Fear of the avian flu has sent public health agencies, the Pentagon, and many physicians scrambling for flu-busting Tamiflu, and it is creating a plump nest egg for certain high-ranking hawks in Washington.
Since Spring, stock prices have soared for Roche, which markets Tamiflu (Oseltimavir), and Gilead Sciences, the biotech company that developed it. According to Fortune, Gilead’s stock jumped from $35 to $47 since April.
European governments have purchased enough Tamiflu to cover roughly a quarter of Europe’s population. The Pentagon has ordered close to $60 million’s worth to cover active duty military. Congress and the White House are still hammering out a national flu management plan.
Secretary of State Donald Rumsfeld was Gilead’s chairman from 1997 to 2001, and still owns at least $5 million in stock. Fortune estimates Rummy’s gleaned a cool million on the Tamiflu run. Former Secretary of State George Schultz, a member of Gilead’s board, cashed in over $7 million in Gilead stock this year.
Gilead licensed Tamiflu to Roche in 1996, and is only making 10% on Roche’s Tamiflu sales. The payoff for Gilead stockholders could be huge if the company succeeds in a bid to win back Tamiflu’s exclusive rights. Odds are against it, but it is likely Gilead’s cut will rise a good bit before the lawyers all go home.
Tamiflu has botanical roots, and it has made a star of Star Anise. Shikimic acid, a key compound for the drug, comes from this common Asian cooking/medicinal spice grown widely in China and other Bird Flu hot zones. Call it a strange twist on the old naturopathic adage that the antidote is always found near the poison.
According to the Wall Street Journal, demand for Tamiflu sparked a massive run on Star Anise in China. Prices for the whole fruit jumped 40% recently, and the cost of Shikimic acid rose 10-fold. Worldwide, several drugmakers are trying to get into the action. That wont be easy, as Roche has cornered the lion’s share of the global Shikimic acid supply, and isn’t likely to let others get to the trough.
UN Secretary General Kofi Annan, facing what some predict could be a global flu pandemic, has asked Roche to step aside and allow others to produce cheap, generic Tamiflu for use in poor nations. Economics aside, some public health experts have criticized Annan’s proposal, suggesting that farmers in poor Asian countries would use Tamiflu to protect or save livestock, a well-meaning move that, unfortunately, could induce viral resistance to the drug.
Fear of a flu epidemic is also stirring intense interest in vaccines. Federal agencies and clinics are stockpiling flu shots, hoping to avoid what many perceived as an embarrassing lack of vaccines last year. But this is happening at a time when a growing number of physicians, parents and, more importantly, politicians, are challenging the entire concept of widespread vaccination, contending it can trigger autism and autoimmune diseases, weakens childrens’ immune systems, and drives the emergence of more virulent pathogens.
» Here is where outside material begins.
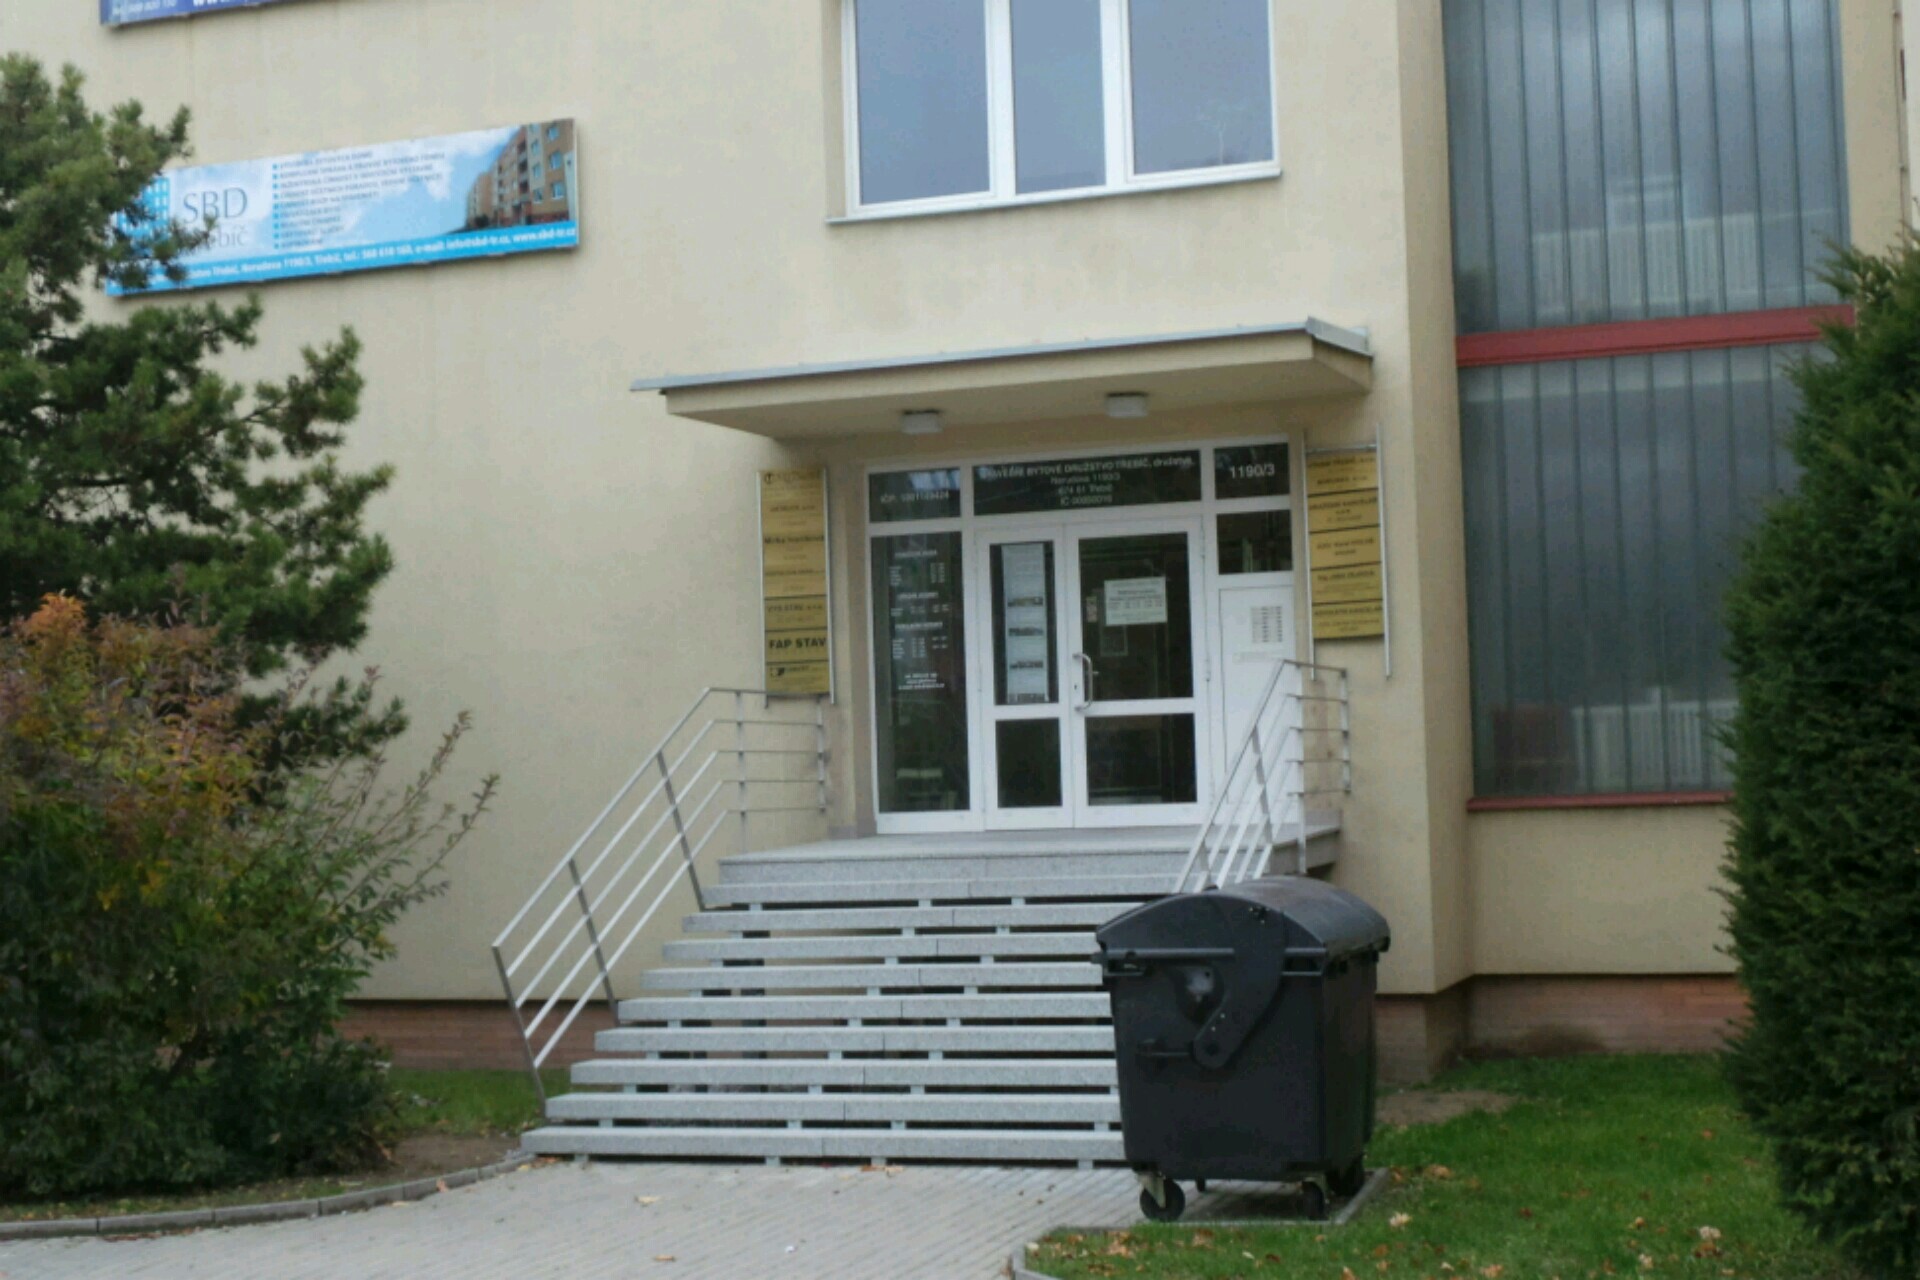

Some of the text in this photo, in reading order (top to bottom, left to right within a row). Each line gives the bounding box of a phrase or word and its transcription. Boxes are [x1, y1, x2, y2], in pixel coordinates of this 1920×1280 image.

Published science on this issue has been equivocal, but the current outcry is proving harder to ignore.
Congressman Dave Weldon, MD (R-FL), an internist and former Army physician, now on the House Appropriations Committee, recently called for Federal funding of a large study of the autism/ADHD in Amish communities, where vaccination is not accepted, compared to the general population. Rep. Weldon, a political conservative, believes mercury in vaccines is tied to autism, and has repeatedly challenged CDC director Julie Gerberding, MD, and others denying any evidence of a link. Rep. Weldon contends the question can only be answered definitively by comparing vaccinated cohorts with unvaccinated populations like the Amish.
Weldon also introduced a bill warranting removal of thimerosal, the mercury-based preservative in some vaccines, from all medical products. Sen. Chuck Hagel (R-Neb) introduced a companion bill in the Senate. Rep. Dan Burton, in a report from the House Government Reform Committee, charged “Thimerosa … in vaccines is directly related to the autism epidemic.” Environmental lawyer and Democratic favorite son Robert F. Kennedy, Jr., contends that drug companies, with FDA facilitation, have buried key data showing a thimerosal-autism link.
Vaccine makers shudder at the specter of massive vaccine-related class action lawsuits, but not to worry, Sen. Richard Burr (R-NC) is providing a comfy security blanket in the form of the Biodefense and Pandemic Vaccine and Drug Development Act of 2005. Under this law, vaccine makers would be indemnified of any liability associated with vaccines if the federal government were to declare a public health emergency—either bioterror-related or naturally-occurring epidemic—that warranted widespread vaccination. The bill passed the Senate Committee on Health, Education, Labor and Pensions in October, and is now up for a full Senate vote.